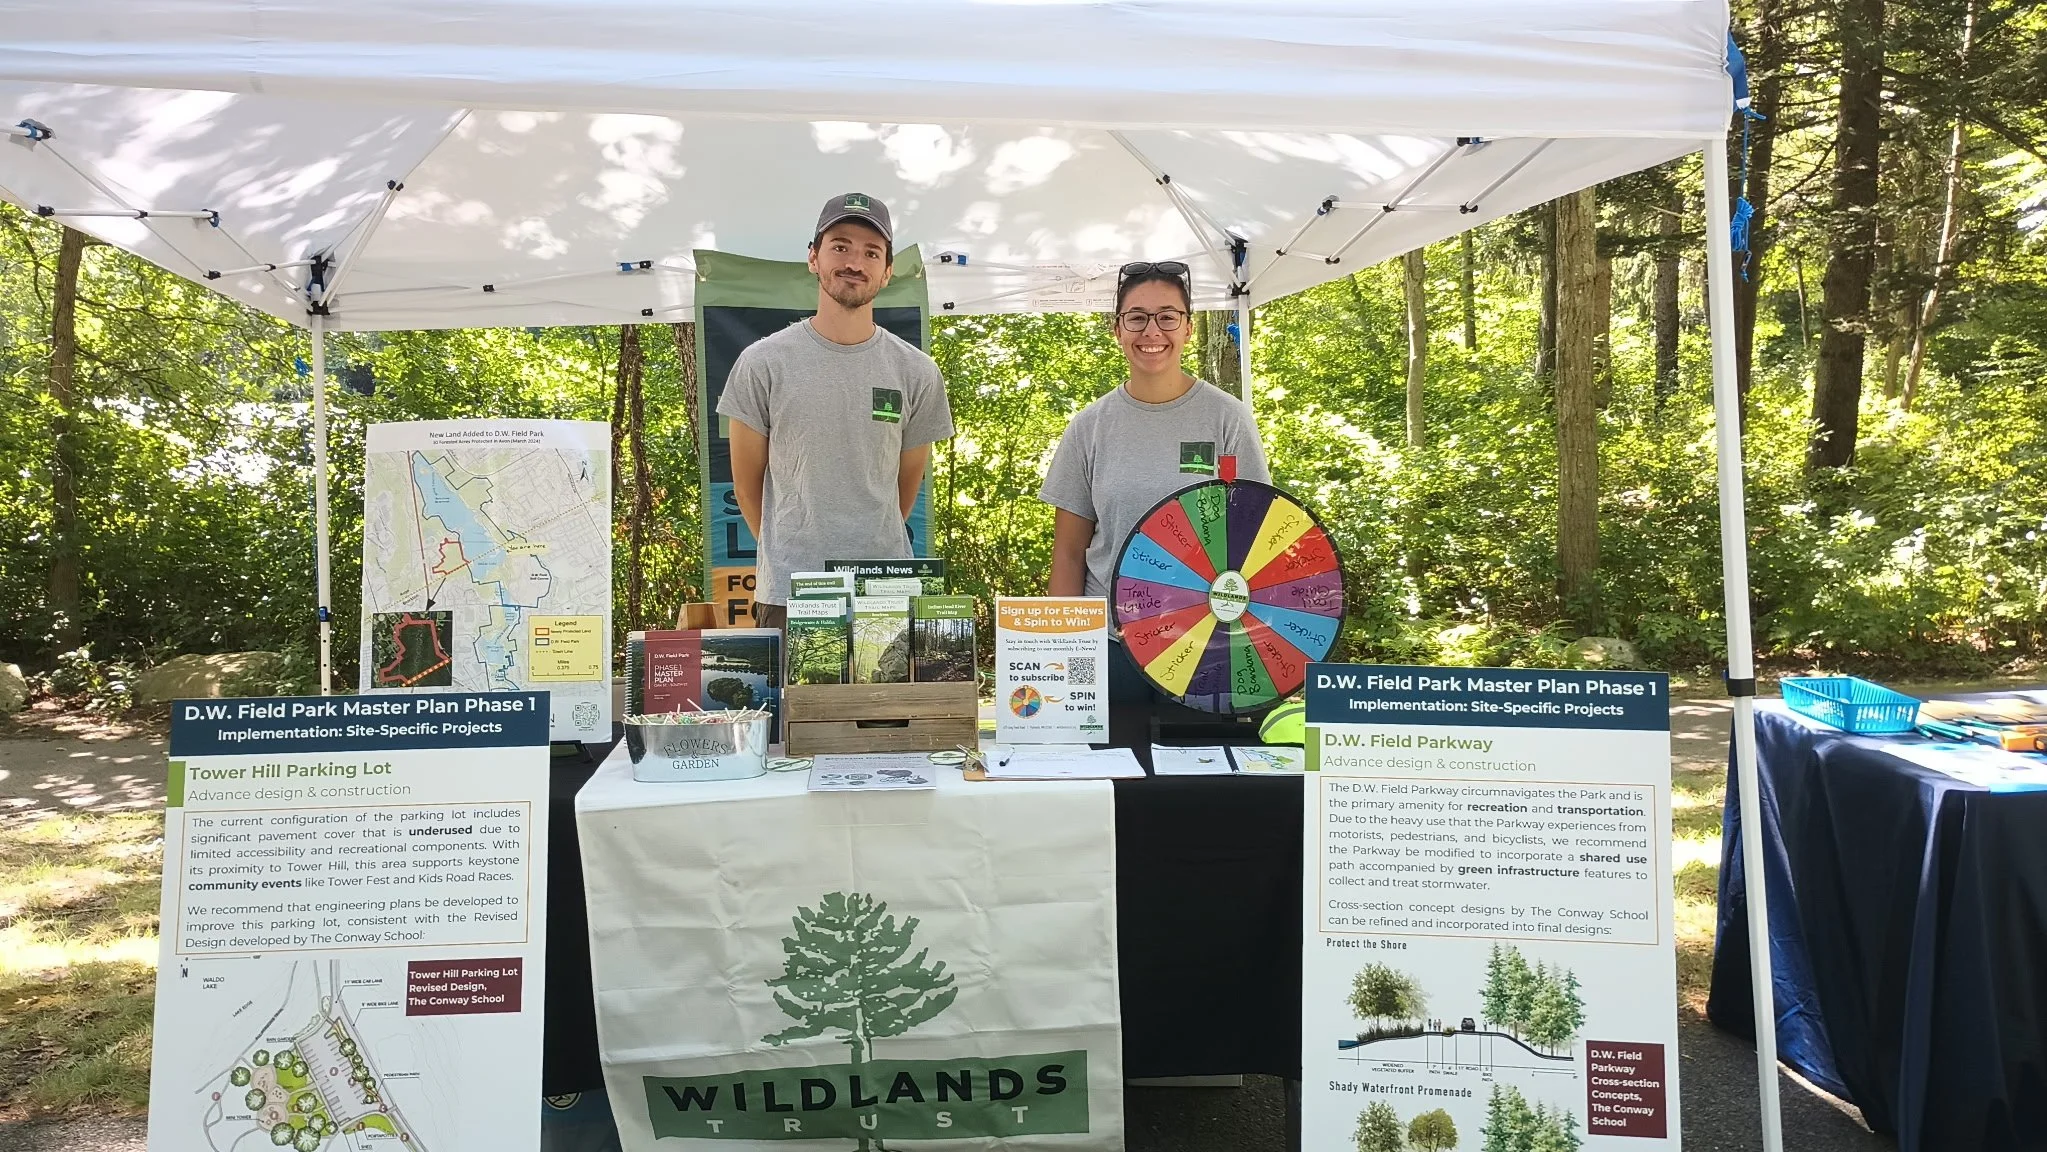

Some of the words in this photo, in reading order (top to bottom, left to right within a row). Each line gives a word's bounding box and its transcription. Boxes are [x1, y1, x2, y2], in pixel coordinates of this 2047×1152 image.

[1210, 494, 1220, 521] Dog
[1196, 499, 1211, 545] Bandana
[1161, 513, 1192, 549] Sticker
[1269, 514, 1299, 550] Sticker
[1132, 547, 1173, 571] Sticker
[1284, 548, 1325, 571] Sticker
[833, 566, 882, 575] Wildlands
[1122, 585, 1151, 597] Trail
[1213, 592, 1246, 600] WILDLANDS
[1291, 585, 1330, 597] Guide
[1001, 606, 1024, 616] Sign
[1028, 608, 1041, 616] up
[1044, 606, 1060, 614] for
[1063, 606, 1103, 614] E-News
[1123, 599, 1162, 613] Guide
[1303, 597, 1338, 612] Trail
[1024, 618, 1048, 627] Spin
[1050, 618, 1062, 626] to
[1065, 617, 1090, 626] Win!
[1135, 621, 1176, 646] Sticker
[1284, 621, 1326, 646] Sticker
[1009, 662, 1040, 670] SCAN
[1160, 640, 1195, 681] Sticker
[1264, 640, 1295, 678] Sticker
[1244, 645, 1260, 695] Bandana
[1237, 668, 1247, 695] Dog
[1317, 674, 1361, 689] D.W.
[1367, 674, 1411, 690] Field
[1418, 676, 1461, 691] Park
[1468, 677, 1532, 692] Master
[1538, 678, 1579, 693] Plan
[1586, 680, 1644, 695] Phase
[1649, 681, 1656, 695] 1
[1070, 692, 1095, 700] SPIN
[185, 705, 231, 720] D.W.
[238, 703, 285, 719] Field
[292, 701, 337, 717] Park
[343, 701, 410, 715] Master
[416, 698, 458, 713] Plan
[465, 697, 523, 712] Phase
[528, 697, 535, 710] 1
[1349, 698, 1467, 712] Implementation:
[1471, 700, 1560, 715] Site-Specific
[1564, 703, 1623, 717] Projects
[218, 725, 342, 742] Implementation:
[346, 722, 438, 738] Site-Specific
[442, 721, 502, 736] Projects
[663, 738, 728, 758] FLOWERS
[1325, 733, 1365, 746] D.W.
[1371, 733, 1411, 747] Field
[1418, 735, 1493, 753] Parkway
[189, 767, 246, 780] Tower
[252, 763, 280, 778] Hill
[287, 762, 356, 778] Parking
[363, 762, 391, 774] Lot
[672, 758, 719, 769] GARDEN
[1324, 755, 1383, 767] Advance
[1386, 757, 1432, 771] design
[1436, 758, 1445, 768] &
[1449, 760, 1535, 771] construction
[188, 789, 250, 801] Advance
[255, 787, 302, 801] design
[307, 786, 316, 797] &
[320, 783, 410, 797] construction
[192, 818, 213, 827] The
[220, 817, 263, 826] current
[270, 813, 347, 826] configuration
[355, 812, 367, 822] of
[374, 812, 392, 821] the
[400, 811, 443, 822] parking
[451, 810, 466, 818] lot
[473, 808, 520, 818] includes
[1329, 830, 1383, 841] motorists,
[1390, 831, 1457, 843] pedestrians,
[1464, 833, 1485, 842] and
[1492, 833, 1545, 845] bicyclists,
[1576, 838, 1646, 848] recommend
[1327, 937, 1359, 947] Protect
[1363, 939, 1376, 948] the
[1381, 939, 1406, 949] Shore
[409, 971, 440, 979] Tower
[443, 969, 458, 978] Hill
[461, 968, 499, 978] Parking
[409, 983, 447, 992] Revised
[450, 981, 487, 992] Design,
[408, 997, 427, 1005] The
[429, 997, 469, 1005] Conway
[471, 994, 504, 1003] School
[1591, 1050, 1615, 1059] D.W.
[1617, 1051, 1642, 1060] Field
[1591, 1063, 1635, 1075] Parkway
[662, 1064, 1068, 1113] WILDLANDS
[1329, 1080, 1358, 1094] Shady
[1362, 1082, 1413, 1094] Waterfront
[1418, 1085, 1471, 1097] Promenade
[1591, 1076, 1659, 1088] Cross-section
[1592, 1090, 1642, 1101] Concepts,
[1591, 1103, 1611, 1112] The
[1613, 1104, 1654, 1116] Conway
[1592, 1116, 1626, 1126] School
=-=-=-=-=
- _Instructions for the task_
None of the pictures should be copied, but every record above must be restated in full.

- _Answer below_
Some of the words in this photo, in reading order (top to bottom, left to right within a row). Each line gives a word's bounding box and its transcription. Boxes are [x1, y1, x2, y2], in pixel coordinates of this 2047×1152 image.

[1210, 494, 1220, 521] Dog
[1196, 499, 1211, 545] Bandana
[1161, 513, 1192, 549] Sticker
[1269, 514, 1299, 550] Sticker
[1132, 547, 1173, 571] Sticker
[1284, 548, 1325, 571] Sticker
[833, 566, 882, 575] Wildlands
[1122, 585, 1151, 597] Trail
[1213, 592, 1246, 600] WILDLANDS
[1291, 585, 1330, 597] Guide
[1001, 606, 1024, 616] Sign
[1028, 608, 1041, 616] up
[1044, 606, 1060, 614] for
[1063, 606, 1103, 614] E-News
[1123, 599, 1162, 613] Guide
[1303, 597, 1338, 612] Trail
[1024, 618, 1048, 627] Spin
[1050, 618, 1062, 626] to
[1065, 617, 1090, 626] Win!
[1135, 621, 1176, 646] Sticker
[1284, 621, 1326, 646] Sticker
[1009, 662, 1040, 670] SCAN
[1160, 640, 1195, 681] Sticker
[1264, 640, 1295, 678] Sticker
[1244, 645, 1260, 695] Bandana
[1237, 668, 1247, 695] Dog
[1317, 674, 1361, 689] D.W.
[1367, 674, 1411, 690] Field
[1418, 676, 1461, 691] Park
[1468, 677, 1532, 692] Master
[1538, 678, 1579, 693] Plan
[1586, 680, 1644, 695] Phase
[1649, 681, 1656, 695] 1
[1070, 692, 1095, 700] SPIN
[185, 705, 231, 720] D.W.
[238, 703, 285, 719] Field
[292, 701, 337, 717] Park
[343, 701, 410, 715] Master
[416, 698, 458, 713] Plan
[465, 697, 523, 712] Phase
[528, 697, 535, 710] 1
[1349, 698, 1467, 712] Implementation:
[1471, 700, 1560, 715] Site-Specific
[1564, 703, 1623, 717] Projects
[218, 725, 342, 742] Implementation:
[346, 722, 438, 738] Site-Specific
[442, 721, 502, 736] Projects
[663, 738, 728, 758] FLOWERS
[1325, 733, 1365, 746] D.W.
[1371, 733, 1411, 747] Field
[1418, 735, 1493, 753] Parkway
[189, 767, 246, 780] Tower
[252, 763, 280, 778] Hill
[287, 762, 356, 778] Parking
[363, 762, 391, 774] Lot
[672, 758, 719, 769] GARDEN
[1324, 755, 1383, 767] Advance
[1386, 757, 1432, 771] design
[1436, 758, 1445, 768] &
[1449, 760, 1535, 771] construction
[188, 789, 250, 801] Advance
[255, 787, 302, 801] design
[307, 786, 316, 797] &
[320, 783, 410, 797] construction
[192, 818, 213, 827] The
[220, 817, 263, 826] current
[270, 813, 347, 826] configuration
[355, 812, 367, 822] of
[374, 812, 392, 821] the
[400, 811, 443, 822] parking
[451, 810, 466, 818] lot
[473, 808, 520, 818] includes
[1329, 830, 1383, 841] motorists,
[1390, 831, 1457, 843] pedestrians,
[1464, 833, 1485, 842] and
[1492, 833, 1545, 845] bicyclists,
[1576, 838, 1646, 848] recommend
[1327, 937, 1359, 947] Protect
[1363, 939, 1376, 948] the
[1381, 939, 1406, 949] Shore
[409, 971, 440, 979] Tower
[443, 969, 458, 978] Hill
[461, 968, 499, 978] Parking
[409, 983, 447, 992] Revised
[450, 981, 487, 992] Design,
[408, 997, 427, 1005] The
[429, 997, 469, 1005] Conway
[471, 994, 504, 1003] School
[1591, 1050, 1615, 1059] D.W.
[1617, 1051, 1642, 1060] Field
[1591, 1063, 1635, 1075] Parkway
[662, 1064, 1068, 1113] WILDLANDS
[1329, 1080, 1358, 1094] Shady
[1362, 1082, 1413, 1094] Waterfront
[1418, 1085, 1471, 1097] Promenade
[1591, 1076, 1659, 1088] Cross-section
[1592, 1090, 1642, 1101] Concepts,
[1591, 1103, 1611, 1112] The
[1613, 1104, 1654, 1116] Conway
[1592, 1116, 1626, 1126] School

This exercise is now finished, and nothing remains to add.